* [TASK PROMPT]
Write out every record again, exactly.

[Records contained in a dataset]
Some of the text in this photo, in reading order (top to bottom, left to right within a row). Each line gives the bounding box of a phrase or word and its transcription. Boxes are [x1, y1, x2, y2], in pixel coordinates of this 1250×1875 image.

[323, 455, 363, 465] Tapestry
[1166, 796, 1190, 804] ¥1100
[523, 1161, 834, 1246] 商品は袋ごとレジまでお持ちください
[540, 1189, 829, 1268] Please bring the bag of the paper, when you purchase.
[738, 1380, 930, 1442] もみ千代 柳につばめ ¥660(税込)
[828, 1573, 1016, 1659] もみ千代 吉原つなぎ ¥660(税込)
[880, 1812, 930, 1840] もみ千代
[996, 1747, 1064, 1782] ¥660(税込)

* [COMPLETED EXERCISE]
Some of the text in this photo, in reading order (top to bottom, left to right within a row). Each line gives the bounding box of a phrase or word and its transcription. Boxes are [x1, y1, x2, y2], in pixel coordinates of this 1250×1875 image.

[323, 455, 363, 465] Tapestry
[1166, 796, 1190, 804] ¥1100
[523, 1161, 834, 1246] 商品は袋ごとレジまでお持ちください
[540, 1189, 829, 1268] Please bring the bag of the paper, when you purchase.
[738, 1380, 930, 1442] もみ千代 柳につばめ ¥660(税込)
[828, 1573, 1016, 1659] もみ千代 吉原つなぎ ¥660(税込)
[880, 1812, 930, 1840] もみ千代
[996, 1747, 1064, 1782] ¥660(税込)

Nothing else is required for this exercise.